Was vom Sex übrigbleibt. Ein Trauerspiel.

von | Mrz 2, 2016 | Allgemein, Archiv 2016 | 0 Kommentare

sex_femWas vom Sex übrigbleibt.
Ein Trauerspiel.

Besseren Sex, eine gerechtere Welt und Lebensqualität, drei auf vollmundige Weise verknüpfte Allgemeinplätze bilden die Einleitung zu einem Pro-Feminismus-Artikel von Männern für Männer in der „Zeit“. Von Sex ist im weiteren Verlauf der Werbeschrift eigenartigerweise keine Rede mehr. Bei genauer Durchsicht erweist sich die Schrift als viellettriges, aber inhaltstrockenes „How-to-do-it“ für Feminismus Novizen. Warum also Sex hier überhaupt thematisieren? Sind wir auf der falschen Website? Dumme Leute schreiben nicht für diese Zeitschrift, so sagt man, das Dilemma scheint sich hinter mehr als einem tumb nachgebastelten Yellow-Press-Aufmacher zu verbergen.

Sex, der feuchte Angelhaken, der Schock.

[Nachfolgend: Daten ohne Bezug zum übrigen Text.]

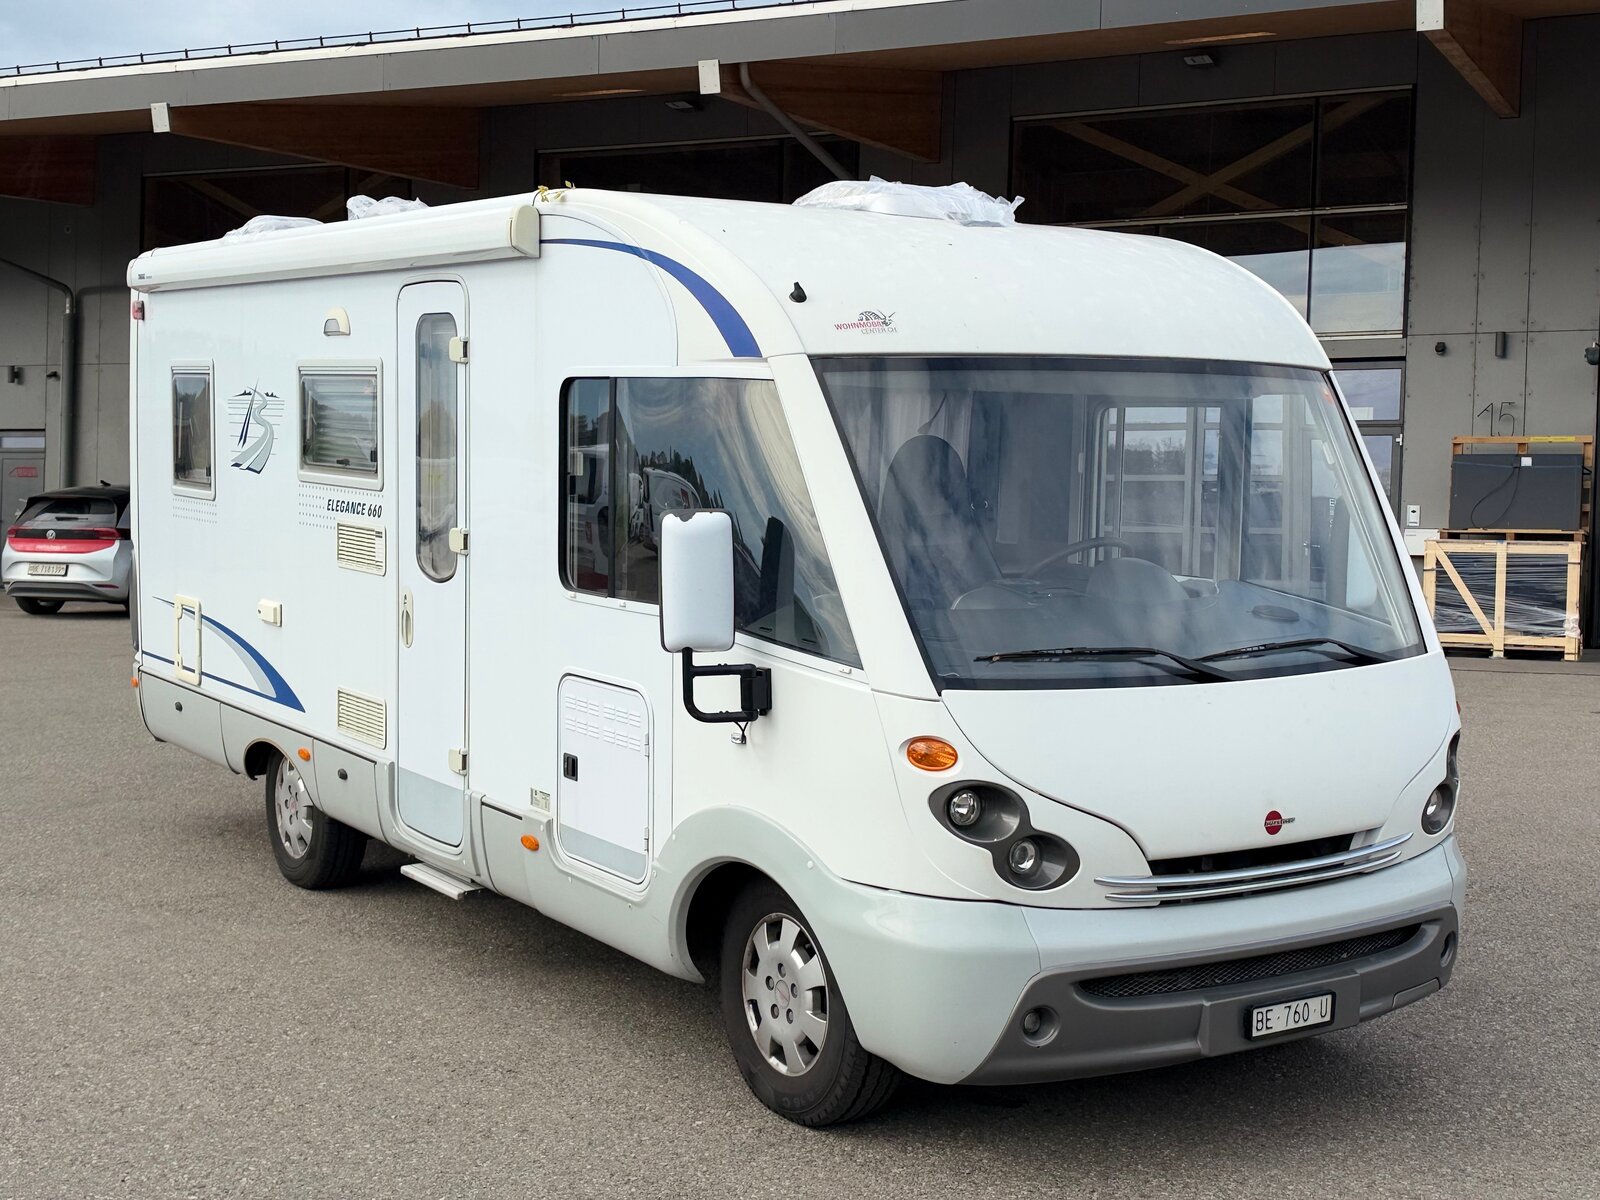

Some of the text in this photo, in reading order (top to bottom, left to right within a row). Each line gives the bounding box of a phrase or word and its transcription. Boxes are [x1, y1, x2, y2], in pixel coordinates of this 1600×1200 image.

Sex, die Kampfansage, das kindliche Kichern darüber, die Scham. Sex in allem, in allen und doch so ein Nichtwort. Sex, du tust mir leid. Deiner natürlichen Unschuld so vielfach enthoben, bist du Spielball unendlich diverser Deutungsuniversen. Jeder nutzt, keiner schüzt dich. Keine Struktur, Metapher oder Meta-Botschaft wird dir gerecht, du verkommst zur schlüpfrigen Bananenschale des jeweils Andersdenkenden. Als Opfer deiner ehemaligen, historischen Unkorrektheit bist du hilflos den ausgeweideten Schlachtfeldern politischer Devianz ausgesetzt. Benutzt, beschmutzt, Sex, du bist soweit weg von dir, entkoppelt von deiner eigentlichen Schönheit. Dem körperlichen Akt.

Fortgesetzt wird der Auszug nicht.